(Materials provided Opens)
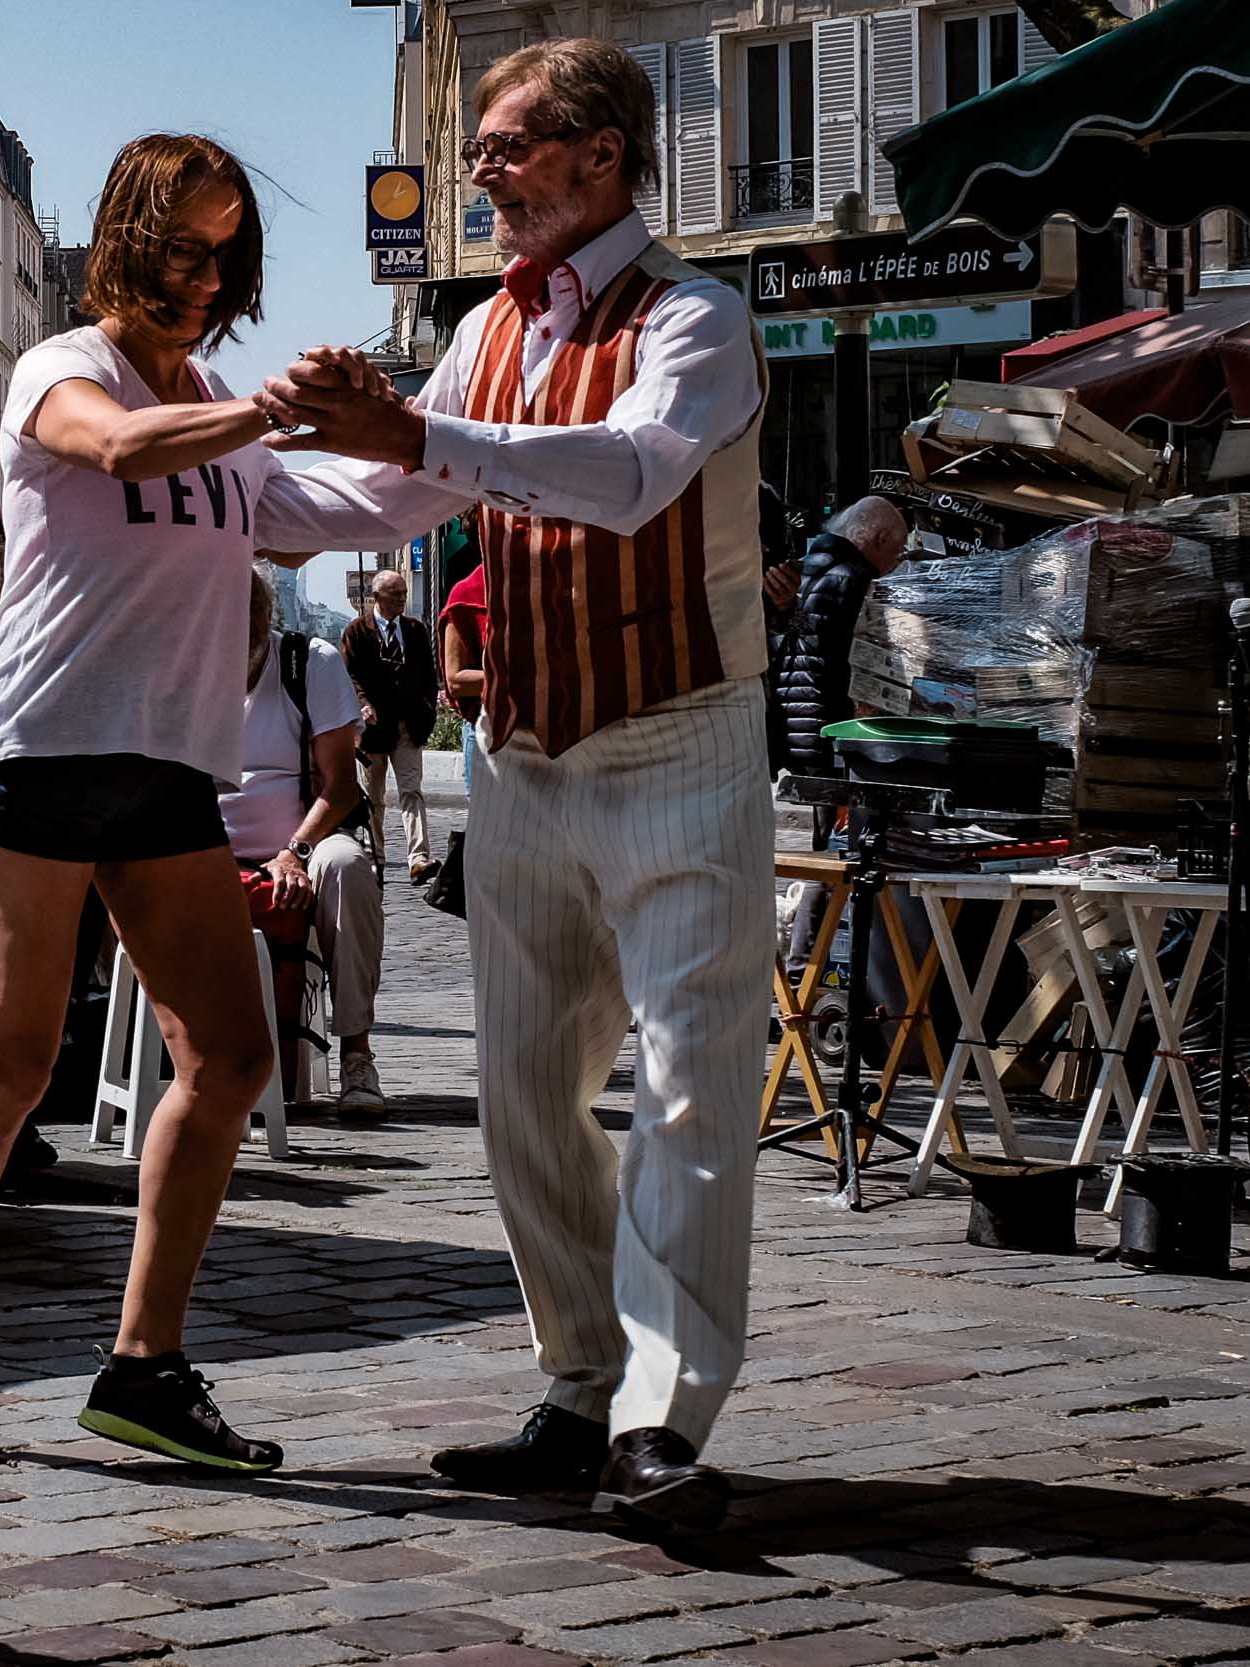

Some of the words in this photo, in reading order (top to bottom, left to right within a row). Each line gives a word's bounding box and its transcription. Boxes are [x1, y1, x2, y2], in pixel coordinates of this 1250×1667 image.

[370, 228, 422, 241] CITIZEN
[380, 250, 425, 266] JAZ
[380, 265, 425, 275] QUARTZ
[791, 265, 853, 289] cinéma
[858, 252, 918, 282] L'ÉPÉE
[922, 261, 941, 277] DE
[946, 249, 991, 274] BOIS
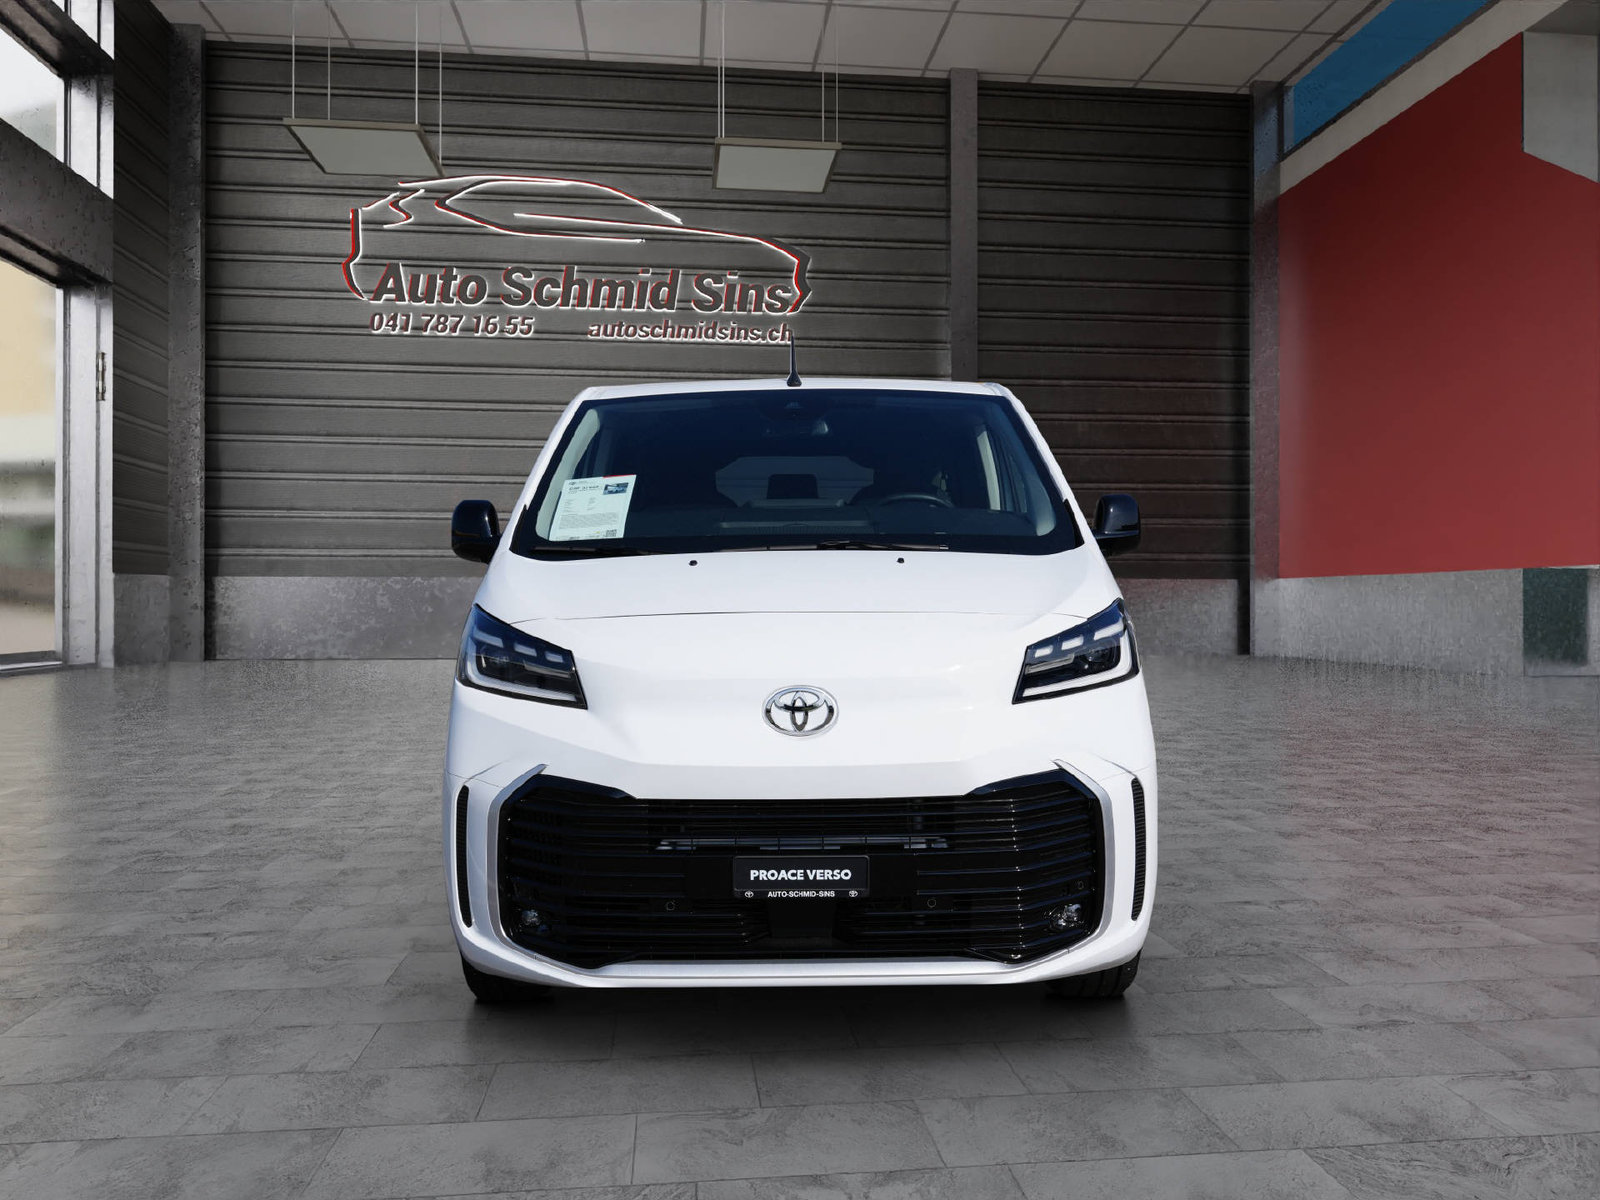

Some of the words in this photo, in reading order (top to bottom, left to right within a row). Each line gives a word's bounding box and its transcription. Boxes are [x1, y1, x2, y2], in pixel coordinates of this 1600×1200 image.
(Materials provided Closes)
# What you will do:
Please give every line above again word for word, apart from the pictures.

# Written answer:
Some of the words in this photo, in reading order (top to bottom, left to right within a row). Each line gives a word's bounding box and its transcription. Boxes are [x1, y1, x2, y2], in pixel coordinates of this 1250×1667 image.

[370, 228, 422, 241] CITIZEN
[380, 250, 425, 266] JAZ
[380, 265, 425, 275] QUARTZ
[791, 265, 853, 289] cinéma
[858, 252, 918, 282] L'ÉPÉE
[922, 261, 941, 277] DE
[946, 249, 991, 274] BOIS

Some of the words in this photo, in reading order (top to bottom, left to right within a row). Each line gives a word's bounding box and its transcription. Boxes are [x1, y1, x2, y2], in pixel coordinates of this 1600×1200 image.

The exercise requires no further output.